_Task requirements_: Each record that follows is to be reproduced verbatim.

_Given data_:
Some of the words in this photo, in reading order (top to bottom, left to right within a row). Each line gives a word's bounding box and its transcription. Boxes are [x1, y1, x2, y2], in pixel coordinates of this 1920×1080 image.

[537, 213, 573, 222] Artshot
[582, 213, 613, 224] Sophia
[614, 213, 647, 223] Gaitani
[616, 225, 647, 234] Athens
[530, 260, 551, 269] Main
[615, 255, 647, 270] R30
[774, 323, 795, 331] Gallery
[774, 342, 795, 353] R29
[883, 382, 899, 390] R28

_Solved exercise_:
Some of the words in this photo, in reading order (top to bottom, left to right within a row). Each line gives a word's bounding box and its transcription. Boxes are [x1, y1, x2, y2], in pixel coordinates of this 1920×1080 image.

[537, 213, 573, 222] Artshot
[582, 213, 613, 224] Sophia
[614, 213, 647, 223] Gaitani
[616, 225, 647, 234] Athens
[530, 260, 551, 269] Main
[615, 255, 647, 270] R30
[774, 323, 795, 331] Gallery
[774, 342, 795, 353] R29
[883, 382, 899, 390] R28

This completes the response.